Payroll compliance in Canada: a guide for small businesses

Stay on top of CRA rules, deductions, and deadlines to keep your business compliant.

A small business owner hanging out a hiring sign on their shop front

Written by Lena Hanna—Trusted CPA Guidance on Accounting and Tax. Read Lena's full bio

Published Wednesday 27 May 2026

Table of contents

Key takeaways

  • Canadian employers must register a payroll account with the Canada Revenue Agency (CRA), deduct Canada Pension Plan (CPP) contributions, Employment Insurance (EI) premiums, and income tax from every pay cheque, and remit those amounts by the 15th of the following month.
  • Year-end obligations include filing T4 information returns by the last day of February and issuing T4 slips to employees, with all payroll records kept for at least six years.
  • Penalties for late remittances start at 3% for payments one to three days overdue and climb to 10% for payments seven or more days late, while failure to deduct can trigger a separate 10% penalty.
  • Staying compliant is easier when you combine reliable payroll software with professional advice from an accountant or bookkeeper who understands Canadian payroll rules.

What is payroll compliance?

Payroll compliance means meeting every legal obligation tied to paying your employees. In Canada, that covers calculating the right deductions, remitting them to the CRA on time, filing accurate year-end reports, and following federal and provincial employment standards.

For small business owners, payroll compliance isn't optional. The CRA expects you to withhold income tax, CPP contributions, and EI premiums from each pay period and send those funds on schedule. Getting it right protects your business from penalties and keeps your team's benefits and pension credits on track.

Key payroll compliance requirements for Canadian employers

Before you run your first payroll, you need a few things in place. Here are the core requirements the CRA expects every employer to meet.

  • Register for a CRA payroll account using your Business Number (BN). If you don't already have a BN, you'll need to apply for one first.
  • Deduct CPP contributions, EI premiums, and federal and provincial income tax from every employee's pay cheque.
  • Remit those deductions to the CRA by the required deadline, along with your employer's share of CPP and EI.
  • Keep accurate payroll records for a minimum of six years, including pay stubs, T4 slips, and Records of Employment (ROEs).
  • Follow the Canada Labour Code for federally regulated employees, or your province's employment standards legislation for all other workers.
  • Correctly classify each worker as an employee or independent contractor, since the deduction and reporting rules differ significantly.

How to set up payroll for a new employee

When you're hiring employees, getting payroll right from day one saves time and prevents costly corrections later. Follow these steps to set up a new hire on your payroll.
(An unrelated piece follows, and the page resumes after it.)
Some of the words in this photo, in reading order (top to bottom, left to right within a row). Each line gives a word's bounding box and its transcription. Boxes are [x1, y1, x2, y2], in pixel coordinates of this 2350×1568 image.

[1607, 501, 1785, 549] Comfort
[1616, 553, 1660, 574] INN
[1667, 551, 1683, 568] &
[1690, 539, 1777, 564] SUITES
1. Open a CRA payroll account

If this is your first employee, register for a payroll program account through the CRA's My Business Account portal or by calling the CRA Business Enquiries line. You'll receive a 15-character payroll account number that you'll use for all remittances and filings.

2. Collect employee information

Ask your new hire to complete a federal TD1 Personal Tax Credits Return and the corresponding provincial or territorial TD1 form. You'll also need their Social Insurance Number (SIN), full legal name, date of birth, and address.

3. Determine pay details

Confirm the employee's wage or salary, pay frequency, and start date. Record whether they'll be paid by direct deposit or cheque, and collect their banking information if applicable.

4. Calculate deductions

Use the CRA's online Payroll Deductions Online Calculator (PDOC) to determine the correct CPP, EI, and income tax amounts for each pay period. The calculator accounts for the TD1 credits your employee claimed.
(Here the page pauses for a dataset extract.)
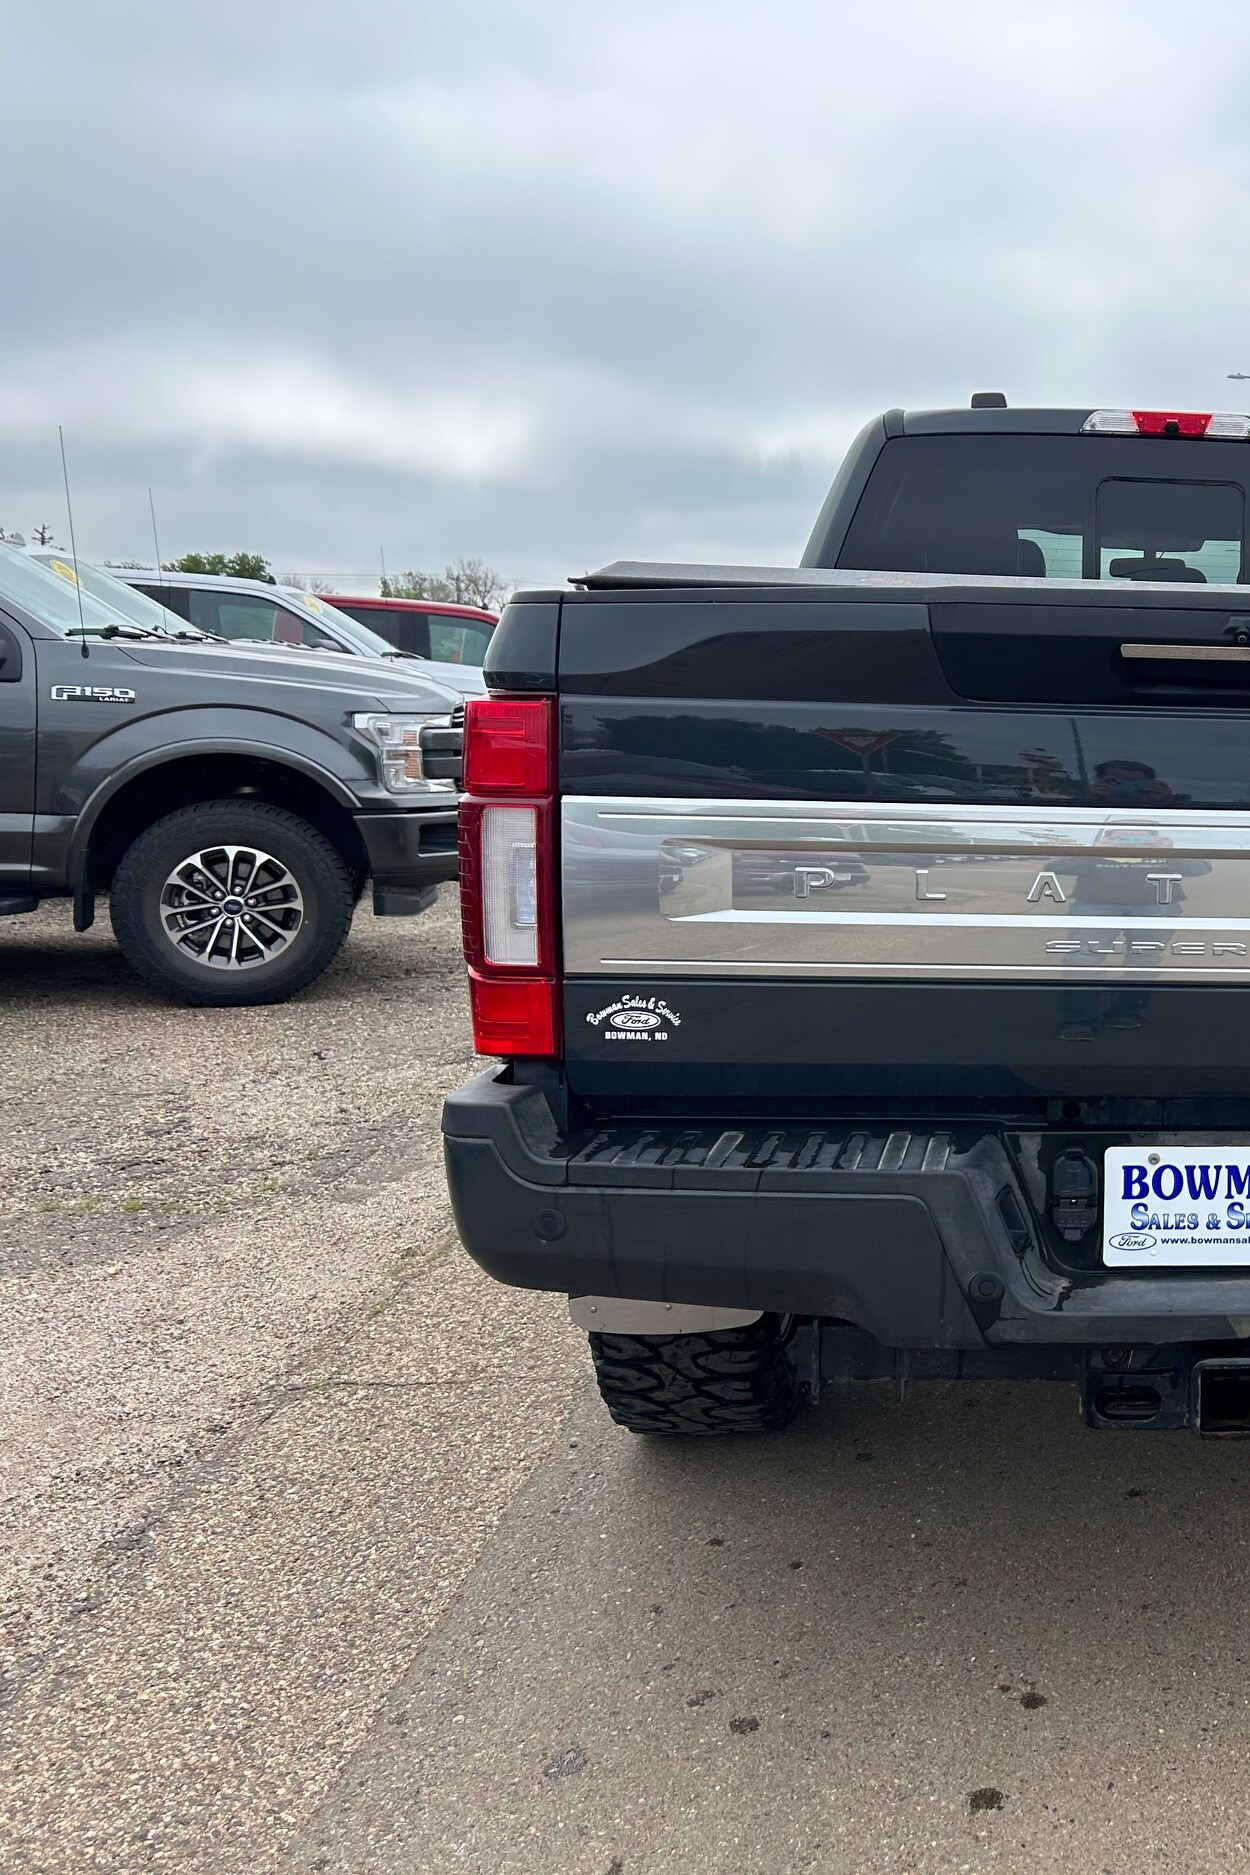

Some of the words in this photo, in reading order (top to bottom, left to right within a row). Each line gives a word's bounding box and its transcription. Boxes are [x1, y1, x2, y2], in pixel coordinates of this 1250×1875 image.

5. Set up your payroll system

Enter the employee's details, tax credit information, and pay schedule into your payroll software or spreadsheet. If you're using cloud accounting software, this is a good time to connect your payroll tool so deductions and remittances flow through automatically.

Payroll deductions and remittance deadlines

Every pay period, you're responsible for deducting three types of contributions from your employees' earnings and sending them to the CRA along with your employer portions.
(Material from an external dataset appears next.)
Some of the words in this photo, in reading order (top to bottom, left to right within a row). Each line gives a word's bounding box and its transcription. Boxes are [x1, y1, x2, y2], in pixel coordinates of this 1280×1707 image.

Canada Pension Plan (CPP) contributions

For 2025, the employee CPP contribution rate is 5.95% of pensionable earnings between the basic exemption of $3,500 and the yearly maximum pensionable earnings (YMPE) of $71,300. As the employer, you match that amount dollar for dollar. Self-employed individuals pay both the employee and employer portions.

Employment Insurance (EI) premiums

Employees pay $1.64 per $100 of insurable earnings in 2025. The employer premium is 1.4 times the employee rate. EI premiums stop once an employee reaches the maximum insurable earnings for the year.

Income tax withholding

Federal and provincial or territorial income tax must be deducted based on the employee's TD1 claims and the CRA's tax tables. The amount varies by province and pay frequency.

Remittance deadlines

Most small businesses are regular remitters, which means deductions must be received by the CRA by the 15th of the month following the pay period. If the 15th falls on a weekend or holiday, the deadline moves to the next business day. Larger employers with higher average monthly withholding amounts may be classified as accelerated remitters with more frequent due dates.

Year-end payroll reporting

Year-end is when everything comes together. You'll reconcile a full year of payroll activity and report it to the CRA so your employees can file their personal tax returns.

T4 information returns

You must prepare a T4 slip for every employee who earned employment income during the calendar year. Each slip reports total earnings, CPP contributions, EI premiums, income tax deducted, and any taxable benefits. The filing deadline for T4 information returns is the last day of February following the tax year.

Records of Employment (ROE)

Whenever an employee has an interruption of earnings, such as a layoff, resignation, or leave of absence, you must issue an ROE. Most employers file ROEs electronically through the CRA's ROE Web application. The ROE is essential because it determines whether your former or current employee qualifies for EI benefits.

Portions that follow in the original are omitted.